Following the discovery of the immunological synapse, research continued at speed, but Davis was also keen to establish his own laboratory. In 1999, he moved back to the UK to set up his research group in the Department of Biology, Imperial College London, aged only 28.
"The ambition is always to have your own lab and I think its important to do this when you're quite young," he says. "The combination of a good discovery in my postdoc and the UK education system, with its three year degree and three year PhD, allowed me to do this."
Davis spent a year building up his laboratory and applying for research funding, intent on imaging immune cell interactions. He and his team experimented with myriad superresolution imaging technologies , including developing fluorescence lifetime imaging for biological tissue and live cells.
"We've always used state-of-the-art microscopes, but what we have really done is to have this mind-set of, 'well that looks weird, let's study it'," says Davis. "We're always making movies with better resolution; if your microscope is imaging with better spatial resolution than last year, you will start to see new stuff."

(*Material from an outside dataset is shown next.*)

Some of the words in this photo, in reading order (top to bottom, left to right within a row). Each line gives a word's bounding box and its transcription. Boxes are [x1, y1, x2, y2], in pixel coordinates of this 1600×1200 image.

Heat mapped 3D-structured illumination microscopy of cortical actin in NK cells; this super-resolution fluorescence imaging technique can give a two-fold improvement in resolution compared to confocal microscopy [Davis, Brown et al. Plos Biology 2011]

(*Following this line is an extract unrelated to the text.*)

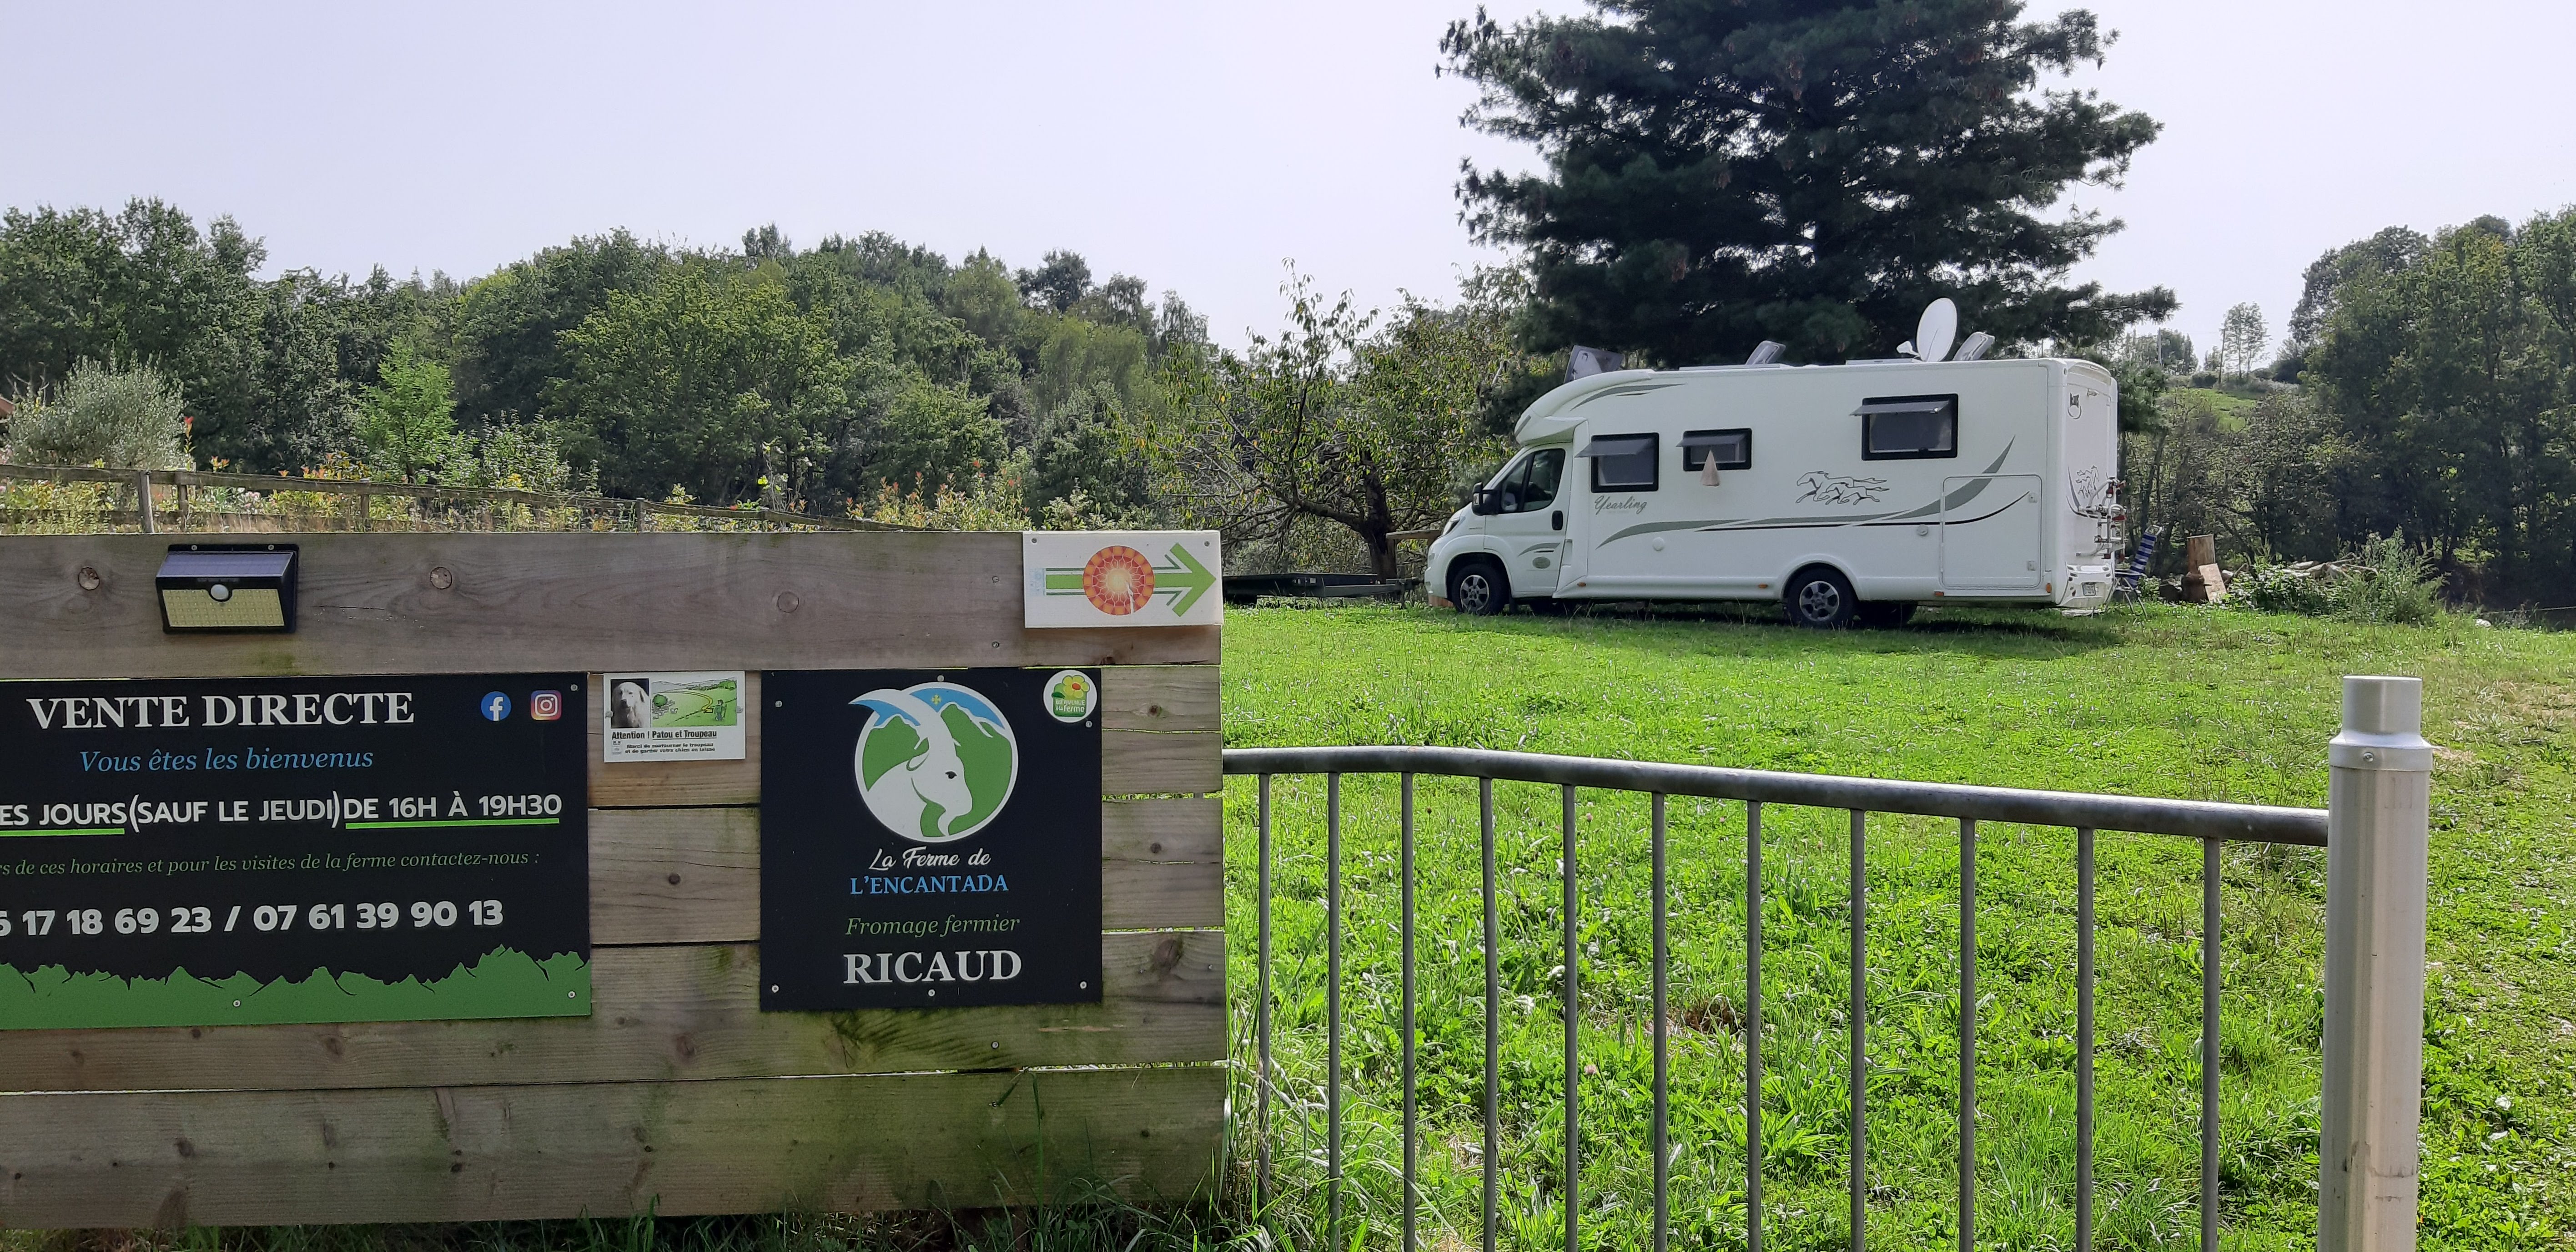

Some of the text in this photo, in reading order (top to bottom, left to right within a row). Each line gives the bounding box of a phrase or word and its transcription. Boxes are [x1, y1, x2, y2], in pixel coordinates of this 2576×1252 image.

During his time at Imperial, Davis also set up a core central imaging facility to diffuse well known tensions between physicists developing microscopes and biologists wanting to use the instruments as presented. As the researcher highlights, this enabled researchers to image live, fixed, unlabelled or fluorescently labelled samples using one of several available microscopes, while physicists develop duplicate versions further.

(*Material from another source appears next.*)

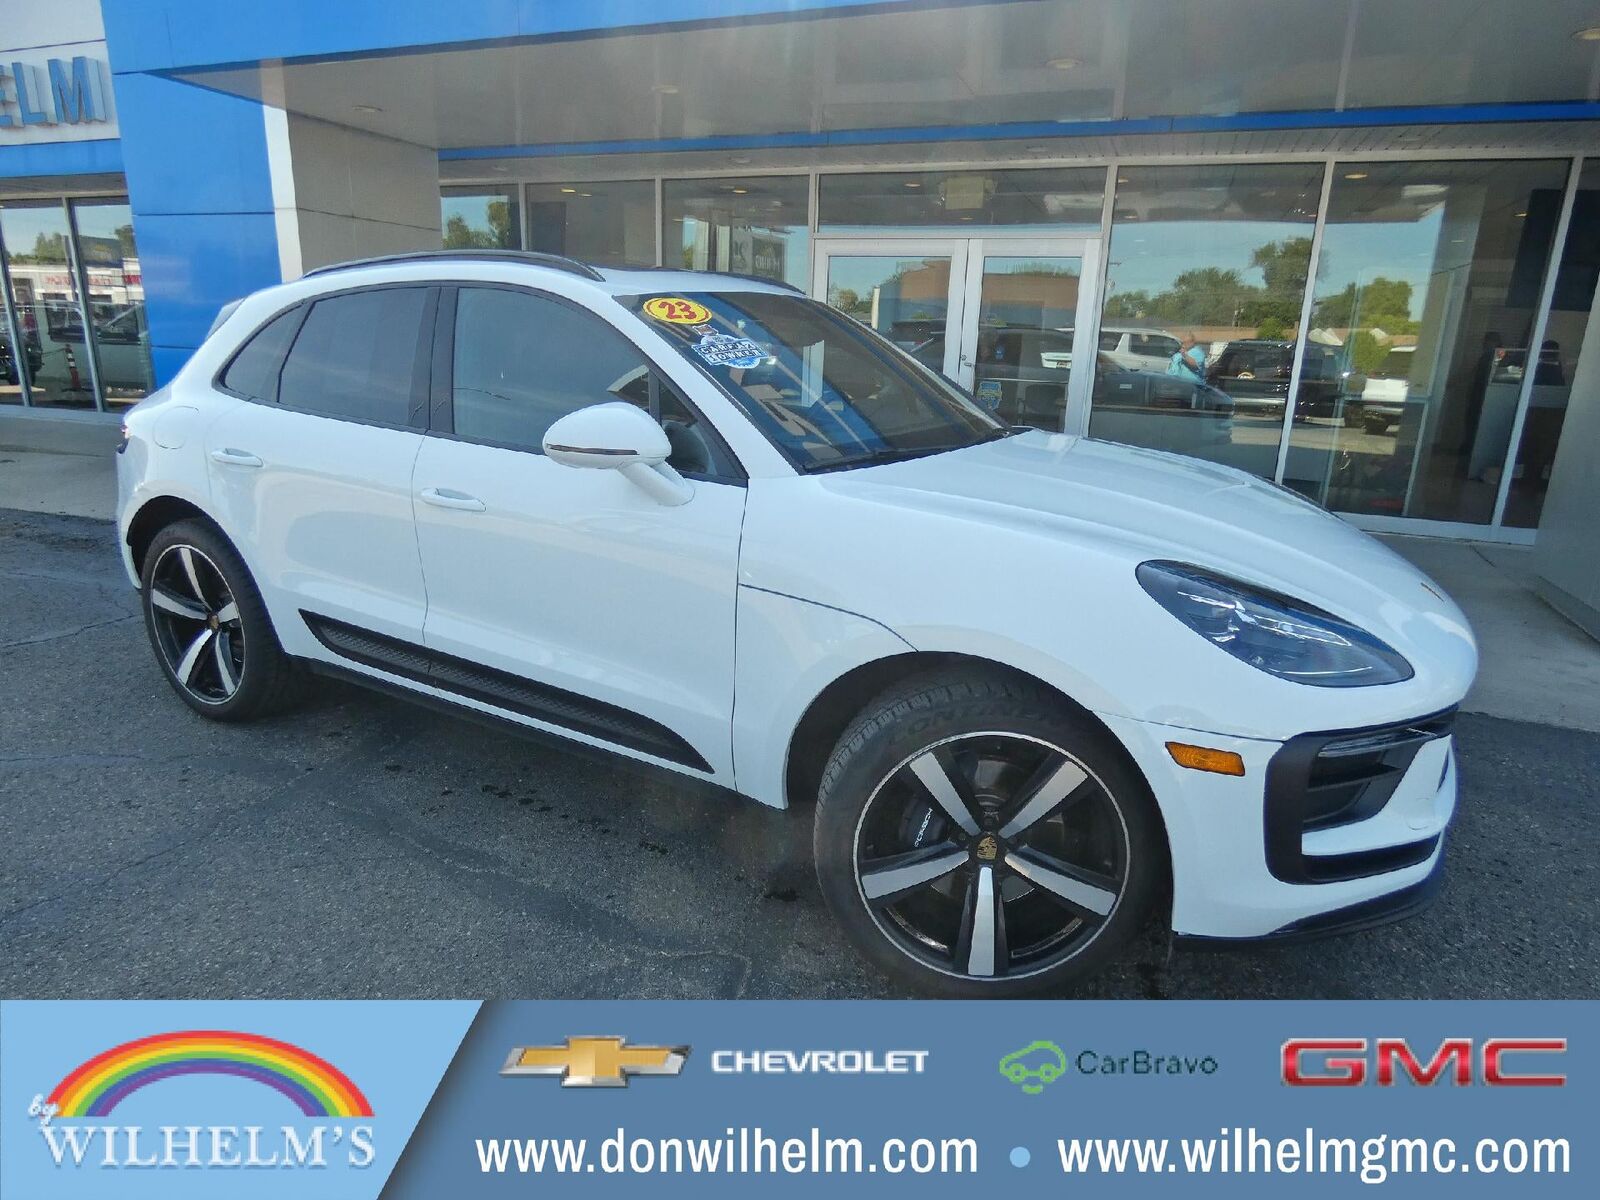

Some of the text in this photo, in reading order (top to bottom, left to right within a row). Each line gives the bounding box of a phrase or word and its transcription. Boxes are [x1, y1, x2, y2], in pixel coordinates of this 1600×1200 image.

Davis spent 14 years at Imperial College, and earlier this year, moved up to Manchester University, taking the role of Director of Research at the Manchester Collaborative Centre for Inflammation Research. The move coincided with the release of his popular science book, 'The Compatibility Gene', revealing how our MHC genes determine the behaviour of cells within our immune systems and can impact health, relationships, even individuality.
Meanwhile, Davis and his team continue to pioneer novel imaging methods to study the immunological synapse, having recently used a stimulated emission depletion microscope that provides 3D super-resolution imaging.
Super-resolution microscopy has proved crucial to immunological synapse research, and in a recent breakthrough, the researchers combined photo-activated localization microscopy (PALM) and ground state depletion imaging microscopy (GSDIM) with quantitative cluster analysis to show how individual proteins form nanoscale clusters that re-organise when the immune cell is activated. But much more remains to be done.
As Davis highlights, it is still a challenge to image individual proteins at the contacts between two cells, saying: "When an immune cell sticks to another cell, we know the molecules and proteins that are important but we still don't quite understand all the processes that take place over those few minutes of interaction."
But he is confident this will change. "Using super-resolution microscopy, we will solve this problem over the next decade," he adds. "Still, for me, the big reason to do this, is to watch the cells, and if you see something wacky or unexpected, investigate it."